He wasn’t perhaps sitting at the top of my personal pantheon of Jazz, but one of his track most definitely is.

But I was cool has to be the most hilariously infectious tune ever howled by a talented musician this side of the Funk belt, and the only way you should spend your next 2 minutes 55 seconds.

And until my bandwidth freezes over, or the vindicative Gods of Copyrighted Music kick me in the karma nuts, I’m gonna put the track for download on my server: please be nice and buy the album, it is well worth it. The trial sample is right here.

Today: a Game!

A real game. With winners, losers, gladiators, wild beasts and blood. Lots of blood!

OK. Perhaps no blood, to start with. But we are hard at work incorporating this element for further installments…

The Rules

Perhaps you noticed there was a strange air of déjà-dit to my last pre-logged post. In fact, one single person noticed it: I’m slightly disappointed in you, dear readers, I thought we were all playing at a higher plane, already… somewhere high above the clouds and the mass of the vulgar and the ignorant. Apparently not.

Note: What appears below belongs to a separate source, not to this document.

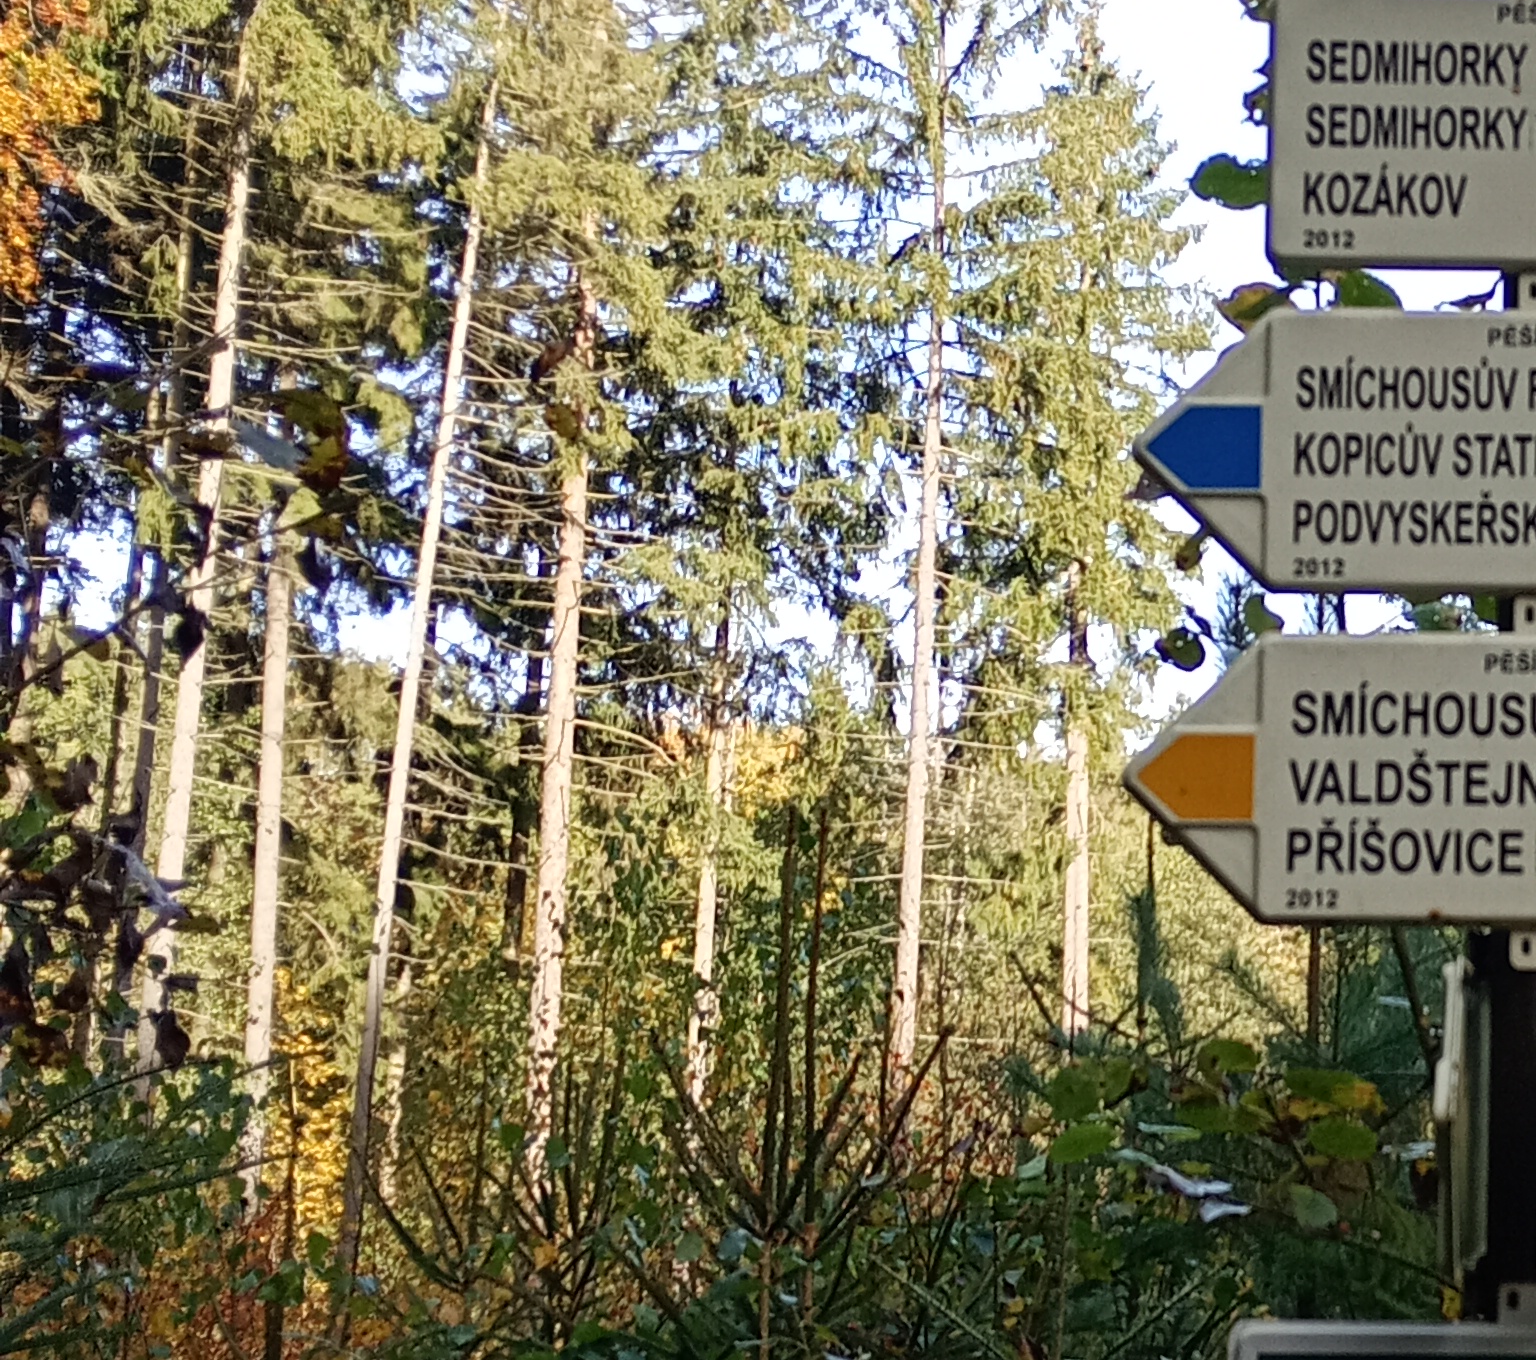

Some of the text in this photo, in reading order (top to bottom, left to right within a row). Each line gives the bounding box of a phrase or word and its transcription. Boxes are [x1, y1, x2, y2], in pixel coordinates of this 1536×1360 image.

For the thick and obtuse, let me cut it out clear as crystal meth:

The previous entry (italicized introduction excepted) is entirely composed of lyrics stolen from miscellaneous musical pieces performed at some point during the past 2000 years or so.

Your mission, if you accept it, is to find which musical pieces were used. All fairly popular tracks. By “fairly popular”, I’d say most, if not all, proudly boast at least a Gold Record status…

Now, put back that Google where you found it: it won’t help you none (just try if you don’t believe me). It won’t help, because the pieces of this wonderful little riddle span over six (6) languages (in no particular order: Spanish, Greek, English, Italian, French and German). Translations were furthermore adapted a little, both to fit my fancy and preserve you from the all too tempting Google option.

That’s thirteen (13) fragments (only twelve tracks, as two fragments could be considered part of the same), covering quite a wide array of musical genres.

One last time for those who slept through: the riddle is HERE.

The Prize

Yes, there is a prize. No, I’m not kidding.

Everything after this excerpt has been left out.